Filter the entries, keeping every line with the string "SALERNO".

(Source records)
----

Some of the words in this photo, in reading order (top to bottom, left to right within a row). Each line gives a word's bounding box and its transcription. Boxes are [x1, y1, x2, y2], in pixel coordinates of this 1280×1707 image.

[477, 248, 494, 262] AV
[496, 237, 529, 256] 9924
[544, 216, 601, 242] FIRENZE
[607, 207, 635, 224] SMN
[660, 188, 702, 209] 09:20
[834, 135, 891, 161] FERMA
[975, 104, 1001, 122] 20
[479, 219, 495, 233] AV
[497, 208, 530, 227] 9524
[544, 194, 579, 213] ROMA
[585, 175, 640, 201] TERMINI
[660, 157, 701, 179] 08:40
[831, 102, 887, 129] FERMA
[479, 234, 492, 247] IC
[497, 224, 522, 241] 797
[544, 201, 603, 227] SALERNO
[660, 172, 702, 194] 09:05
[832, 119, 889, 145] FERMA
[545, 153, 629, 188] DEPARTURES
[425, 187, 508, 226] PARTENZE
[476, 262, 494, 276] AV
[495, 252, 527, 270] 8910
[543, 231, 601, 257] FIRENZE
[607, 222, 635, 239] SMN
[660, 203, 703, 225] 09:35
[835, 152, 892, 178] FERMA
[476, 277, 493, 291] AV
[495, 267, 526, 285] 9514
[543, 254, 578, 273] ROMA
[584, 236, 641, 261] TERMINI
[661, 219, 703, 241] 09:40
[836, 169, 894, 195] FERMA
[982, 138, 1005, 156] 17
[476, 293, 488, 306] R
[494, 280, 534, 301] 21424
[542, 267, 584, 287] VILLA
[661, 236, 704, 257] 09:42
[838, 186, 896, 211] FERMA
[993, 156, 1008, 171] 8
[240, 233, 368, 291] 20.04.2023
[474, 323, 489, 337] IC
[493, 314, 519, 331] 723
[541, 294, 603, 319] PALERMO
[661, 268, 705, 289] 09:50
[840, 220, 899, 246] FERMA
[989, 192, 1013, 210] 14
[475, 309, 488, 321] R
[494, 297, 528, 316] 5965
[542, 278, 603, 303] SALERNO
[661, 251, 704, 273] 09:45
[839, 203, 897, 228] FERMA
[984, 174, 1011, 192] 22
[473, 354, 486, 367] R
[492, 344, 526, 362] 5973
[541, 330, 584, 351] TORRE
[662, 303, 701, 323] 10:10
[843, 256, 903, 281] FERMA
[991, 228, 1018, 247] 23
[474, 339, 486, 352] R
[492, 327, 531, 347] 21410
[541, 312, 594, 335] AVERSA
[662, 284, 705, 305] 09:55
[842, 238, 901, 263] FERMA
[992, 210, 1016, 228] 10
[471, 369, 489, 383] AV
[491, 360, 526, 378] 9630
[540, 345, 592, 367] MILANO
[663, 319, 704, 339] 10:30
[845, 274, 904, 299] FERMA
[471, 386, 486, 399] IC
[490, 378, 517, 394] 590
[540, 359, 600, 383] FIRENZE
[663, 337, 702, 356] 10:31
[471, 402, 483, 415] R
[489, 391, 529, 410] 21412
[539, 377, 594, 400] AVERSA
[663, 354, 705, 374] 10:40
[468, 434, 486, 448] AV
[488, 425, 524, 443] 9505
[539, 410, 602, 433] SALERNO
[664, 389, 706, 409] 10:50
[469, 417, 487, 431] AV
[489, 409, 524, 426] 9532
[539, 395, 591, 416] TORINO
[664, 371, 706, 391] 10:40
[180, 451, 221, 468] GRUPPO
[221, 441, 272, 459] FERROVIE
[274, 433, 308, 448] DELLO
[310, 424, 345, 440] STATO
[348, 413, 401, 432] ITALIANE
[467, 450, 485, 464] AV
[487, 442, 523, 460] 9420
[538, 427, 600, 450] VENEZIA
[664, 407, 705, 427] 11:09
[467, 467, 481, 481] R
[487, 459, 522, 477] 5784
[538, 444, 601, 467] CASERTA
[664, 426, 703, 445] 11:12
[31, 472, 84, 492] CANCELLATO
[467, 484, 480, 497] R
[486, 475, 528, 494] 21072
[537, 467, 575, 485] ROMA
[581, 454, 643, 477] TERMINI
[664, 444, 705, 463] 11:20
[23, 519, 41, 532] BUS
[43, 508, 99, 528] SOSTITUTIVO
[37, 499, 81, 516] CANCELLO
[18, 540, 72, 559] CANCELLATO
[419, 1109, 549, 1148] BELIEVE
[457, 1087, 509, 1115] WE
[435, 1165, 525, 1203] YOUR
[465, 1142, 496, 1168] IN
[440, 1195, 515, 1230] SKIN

----

TASK RESULT:
[544, 201, 603, 227] SALERNO
[542, 278, 603, 303] SALERNO
[539, 410, 602, 433] SALERNO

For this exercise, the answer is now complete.